Surgical Options
Description of Prolapse and the Types of Procedures Available to Correct Them
Cystocele
Weak pelvic muscles can cause the bladder to sink. Symptoms of a “dropped bladder”
include leakage of urine with coughing or sneezing, difficulty starting your urine
stream, or the inability to empty the bladder completely with a severe cystocele.

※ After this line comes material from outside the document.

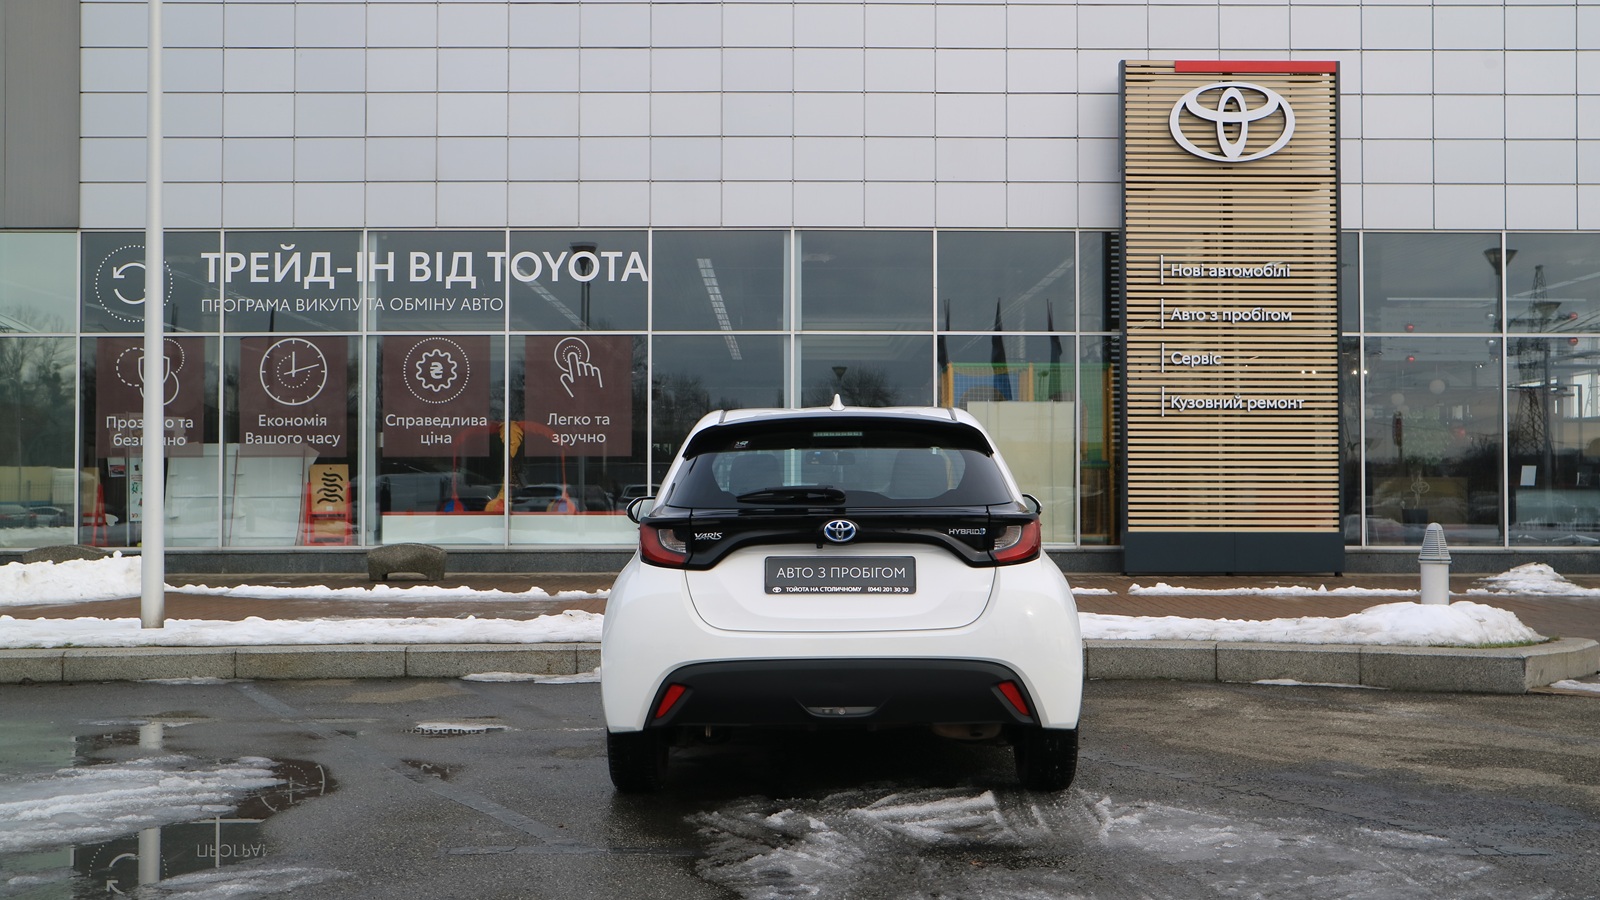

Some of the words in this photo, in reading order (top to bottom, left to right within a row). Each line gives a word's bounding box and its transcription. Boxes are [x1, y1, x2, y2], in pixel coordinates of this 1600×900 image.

Many women will notice a bulge in the vagina that worsens with activity, or will complain
of a constant pressure.
Anterior Colporrhaphy
During this procedure a midline incision is made within the anterior vagina to identify
the anatomic defects between the vagina and bladder. The separated tissue between
the bladder and vagina is reconnected in order to once again create support between
the bladder and vagina. Sometimes synthetic or biologic grafts are used to reinforce
the repair.
Transobturator Cystocele Repair
Preliminary data shows that this new minimally invasive technique may be superior
to a traditional repair with a failure rate of less than 5 percent. The benefits
of this technique involve the ability to do a complete reconstruction with small
incisions; many patients are discharged the next day. A soft mesh material is typically
used to reinforce the bladder. Some women may (2 to 4 percent) experience mesh extrusion
after the surgery, which can typically be treated in the office. Although rare, this
can be associated with chronic pain in the surgical area.
Uterine or Vaginal Vault Prolapse
The vagina is attached to the pelvis by supportive ligaments. If these ligaments
weaken, the top of the vagina can bulge forward. When this happens, women generally
experience a bulging sensation or pressure. When the pelvic floor muscles and ligaments
that support the uterus weaken, uterine prolapse occurs. Traditionally, doctors
recommended a vaginal hysterectomy as part of the surgical treatment for uterine
and vaginal vault prolapse. However, new minimally invasive uterine conservation
techniques allow doctors to correct the prolapse without the need for
a hysterectomy, in most instances. Benefits include shorter operative time and decreased
operative and post-operative risks.
Abdominal Sacral Colpopexy
The “gold standard” procedure for the correction of apical prolapse, this procedure
involves placing a soft synthetic mesh on the top and bottom of the vagina in order
to suspend the vagina back in its anatomic position. This procedure can be performed
laparoscopically as well. It is the most effective surgery for the correction of
prolapse based on research studies. We have 10-year clinical studies data supporting
excellent outcomes.
Apogee Vaginal Vault Suspension
This is a new minimally invasive vaginal vault suspension technique that utilizes
a synthetic graft to support the top of the vagina. This novel technique allows
doctors to suspend the uterus without a hysterectomy. We believe that this technique
allows for a superior vaginal reconstruction and long-term repair, in comparison
to traditional procedures.
Repair of the Posterior Vagina
This procedure involves making a small incision in the posterior vagina and repairing
the defects so that prolapse of the rectum (rectocele) or small bowel (enterocele)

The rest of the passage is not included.